ACTIVITY:
Exactly as written, return every line of the data below.

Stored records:
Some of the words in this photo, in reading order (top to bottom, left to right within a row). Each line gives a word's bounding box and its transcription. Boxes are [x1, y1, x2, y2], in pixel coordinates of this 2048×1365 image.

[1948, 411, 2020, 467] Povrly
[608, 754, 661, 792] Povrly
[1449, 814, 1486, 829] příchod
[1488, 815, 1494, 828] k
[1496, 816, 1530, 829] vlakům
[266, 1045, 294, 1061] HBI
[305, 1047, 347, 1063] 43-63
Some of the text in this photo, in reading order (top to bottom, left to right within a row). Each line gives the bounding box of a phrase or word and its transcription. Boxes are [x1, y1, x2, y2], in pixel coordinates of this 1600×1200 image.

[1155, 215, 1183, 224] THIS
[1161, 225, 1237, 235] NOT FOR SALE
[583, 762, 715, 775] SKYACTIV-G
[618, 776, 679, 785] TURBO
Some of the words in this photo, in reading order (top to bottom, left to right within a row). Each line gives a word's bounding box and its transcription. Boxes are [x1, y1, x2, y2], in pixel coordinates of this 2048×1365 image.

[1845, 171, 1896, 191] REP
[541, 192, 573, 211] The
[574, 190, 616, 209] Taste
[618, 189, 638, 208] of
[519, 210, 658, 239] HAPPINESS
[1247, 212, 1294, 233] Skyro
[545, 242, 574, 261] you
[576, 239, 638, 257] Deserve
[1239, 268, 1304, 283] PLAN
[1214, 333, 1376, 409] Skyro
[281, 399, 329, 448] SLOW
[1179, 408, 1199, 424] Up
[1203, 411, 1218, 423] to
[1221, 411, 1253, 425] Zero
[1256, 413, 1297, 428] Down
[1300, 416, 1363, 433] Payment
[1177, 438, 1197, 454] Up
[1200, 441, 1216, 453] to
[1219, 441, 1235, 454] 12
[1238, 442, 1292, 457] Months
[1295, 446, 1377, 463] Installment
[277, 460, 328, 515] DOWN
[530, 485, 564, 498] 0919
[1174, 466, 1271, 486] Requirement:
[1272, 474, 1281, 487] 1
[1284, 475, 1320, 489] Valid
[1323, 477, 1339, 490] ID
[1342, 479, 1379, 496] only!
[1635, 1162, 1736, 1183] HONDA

SOLUTION TO THIS EXERCISE:
Some of the words in this photo, in reading order (top to bottom, left to right within a row). Each line gives a word's bounding box and its transcription. Boxes are [x1, y1, x2, y2], in pixel coordinates of this 2048×1365 image.

[1948, 411, 2020, 467] Povrly
[608, 754, 661, 792] Povrly
[1449, 814, 1486, 829] příchod
[1488, 815, 1494, 828] k
[1496, 816, 1530, 829] vlakům
[266, 1045, 294, 1061] HBI
[305, 1047, 347, 1063] 43-63
Some of the text in this photo, in reading order (top to bottom, left to right within a row). Each line gives the bounding box of a phrase or word and its transcription. Boxes are [x1, y1, x2, y2], in pixel coordinates of this 1600×1200 image.

[1155, 215, 1183, 224] THIS
[1161, 225, 1237, 235] NOT FOR SALE
[583, 762, 715, 775] SKYACTIV-G
[618, 776, 679, 785] TURBO
Some of the words in this photo, in reading order (top to bottom, left to right within a row). Each line gives a word's bounding box and its transcription. Boxes are [x1, y1, x2, y2], in pixel coordinates of this 2048×1365 image.

[1845, 171, 1896, 191] REP
[541, 192, 573, 211] The
[574, 190, 616, 209] Taste
[618, 189, 638, 208] of
[519, 210, 658, 239] HAPPINESS
[1247, 212, 1294, 233] Skyro
[545, 242, 574, 261] you
[576, 239, 638, 257] Deserve
[1239, 268, 1304, 283] PLAN
[1214, 333, 1376, 409] Skyro
[281, 399, 329, 448] SLOW
[1179, 408, 1199, 424] Up
[1203, 411, 1218, 423] to
[1221, 411, 1253, 425] Zero
[1256, 413, 1297, 428] Down
[1300, 416, 1363, 433] Payment
[1177, 438, 1197, 454] Up
[1200, 441, 1216, 453] to
[1219, 441, 1235, 454] 12
[1238, 442, 1292, 457] Months
[1295, 446, 1377, 463] Installment
[277, 460, 328, 515] DOWN
[530, 485, 564, 498] 0919
[1174, 466, 1271, 486] Requirement:
[1272, 474, 1281, 487] 1
[1284, 475, 1320, 489] Valid
[1323, 477, 1339, 490] ID
[1342, 479, 1379, 496] only!
[1635, 1162, 1736, 1183] HONDA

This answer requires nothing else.